VaccinateCA initially swung into action with a low-tech solution—they simply called California pharmacies to ask whether vaccines were in stock and logged what they learned on a map. The group attracted volunteers and funders, all committed to connecting people with what they’d been promised on paper, until eventually they were running paid call centers and providing the back-end data for the CDC’s official Vaccines.gov page.
It’s good when groups like VaccinateCA or Code for America step in to fill the gap. But when the government keeps creating programs that pass the buck on implementation to nonprofits, they aren’t serious about pro-life family policy. Making sure that laws are implemented requires a different approach, and much more money.
A successful system to help the most vulnerable will be one that is more focused on serving the poor than on preventing fraud. A criminal trying to steal will often be better prepared to navigate a tricky bureaucratic system than a mother using the library computer with one hand while soothing her baby with the other.
It requires putting fewer resources toward hurdles, automatic disqualifications, and all-caps warnings about criminal penalties, and more money on trained staff who offer help “curing” questionable applications. Just as we send census workers to the door when people don’t fill out their forms, the state should proactively reach out when applications get rejected on correctible technicalities.
For a time, I worked for a mobile money remittance company, helping immigrants send money home to family without spending so much on corrupt middlemen or exploitative fees. We couldn’t afford to be bilked by fraudsters, but we also couldn’t afford to lose potential lifetime customers by making signing up too onerous. Automated tools caught good faith users and serial fraudsters. We could tune our machine learning algorithm to catch more bad guys and snag fewer good guys, but we would always need an extensive support staff to help identify our real users and help them get out of payment limbo.
I was running HR, but, just like everyone at the company, I did some shifts with the support team. Our CEOs wanted everyone to know how our service felt to users. Many government programs would benefit if the administrative heads and congresspeople did occasional shifts in a local Social Security office, answered the IRS help line, or sat next to people who were recently laid off as they worked through their unemployment insurance application.
We had to make things right for our users—a business can’t survive if it doesn’t provide real value to its customers. But too often, the government doesn’t treat the people it serves as though their needs are real and urgent. It offers aid without access, as though the point of the program was more to tout our own charity than to actually help.

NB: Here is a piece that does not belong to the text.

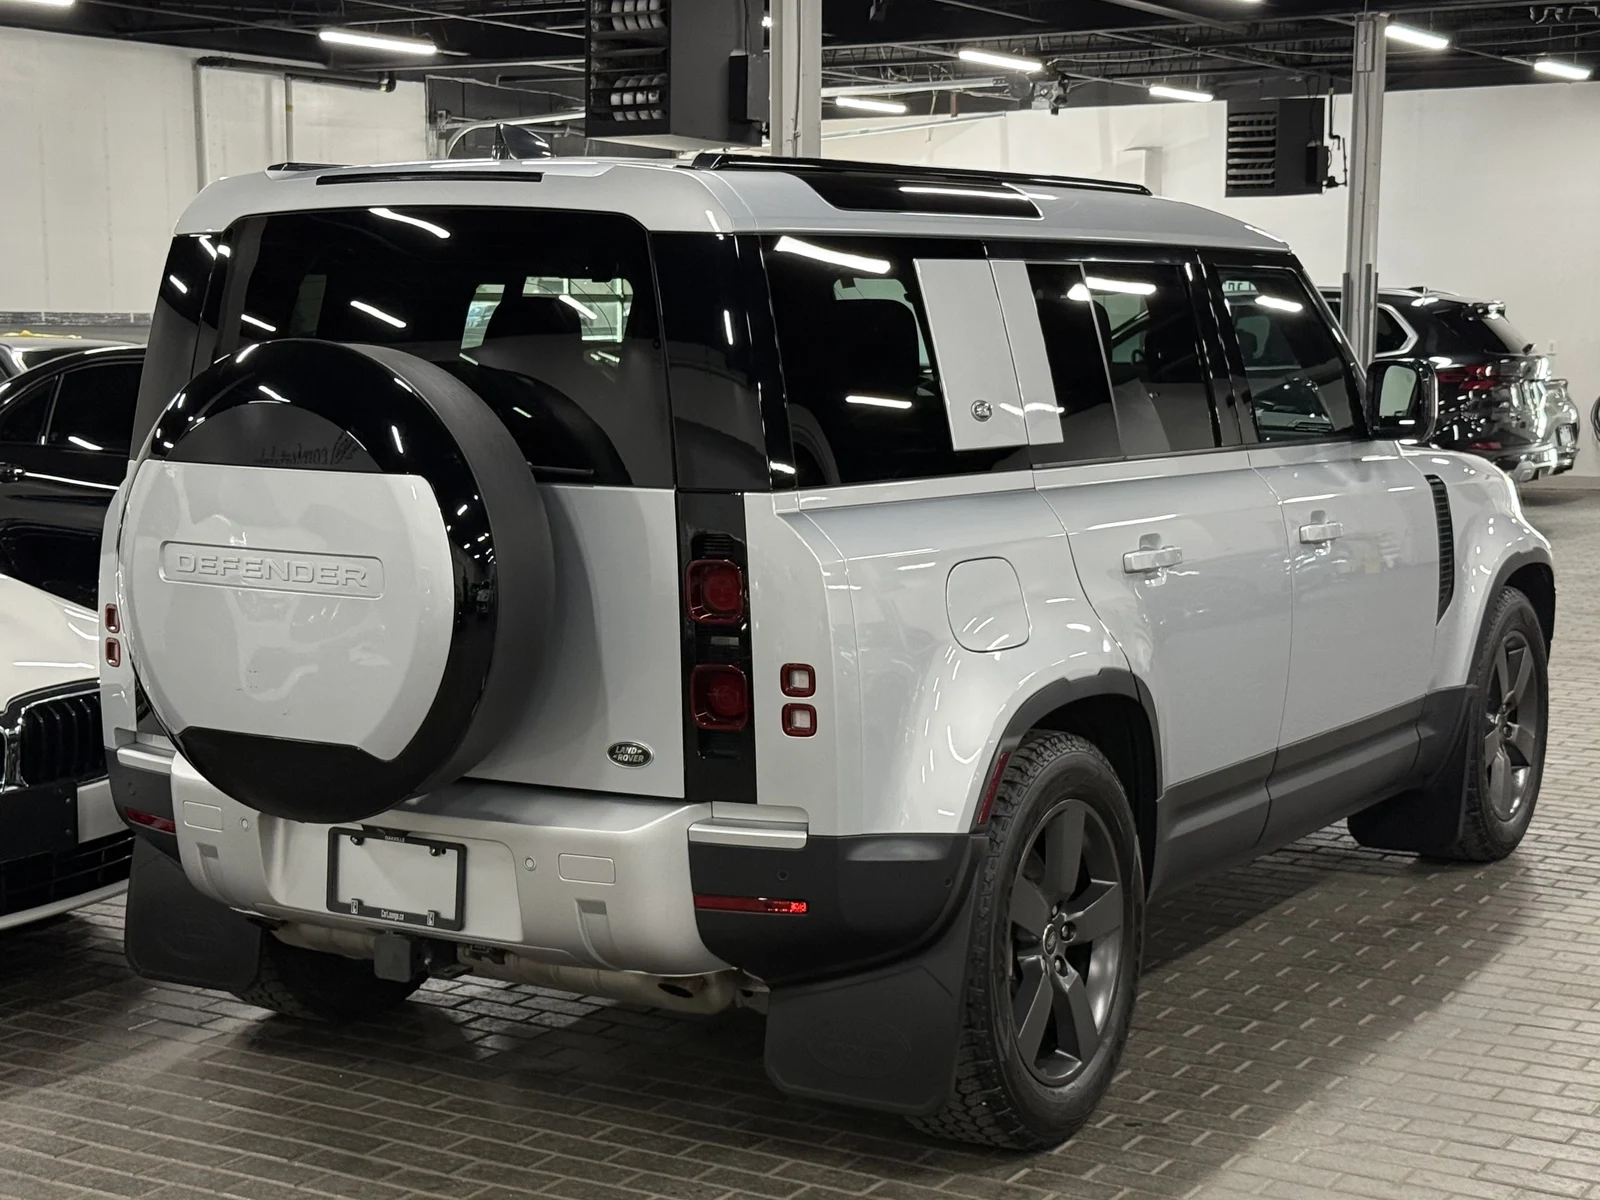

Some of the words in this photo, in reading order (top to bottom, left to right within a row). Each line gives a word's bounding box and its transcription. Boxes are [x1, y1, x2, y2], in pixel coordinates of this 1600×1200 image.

[175, 552, 368, 588] DEFENDER
[615, 746, 637, 754] LAND
[617, 754, 644, 762] ROVER

A program for the poor should be designed for the poor. Our brusque, byzantine bureaucracies make it hard for poor families to welcome even a planned, wanted child. It is much harder when the new baby is a surprise and strains both the mother’s finances and her ability to keep up with the paperwork that helps her family afford groceries. Vulnerable families don’t just need monetary aid, but to be treated with dignity and care at every step of the application and administrative process. Every parent knows that care isn’t a matter of just proving that you tried, but of sustained, sincere accompaniment with your child when they need you. Our aid to parents has to work the same way. It will cost more financially to do it right, but it costs us much more morally to make empty offers to the poor.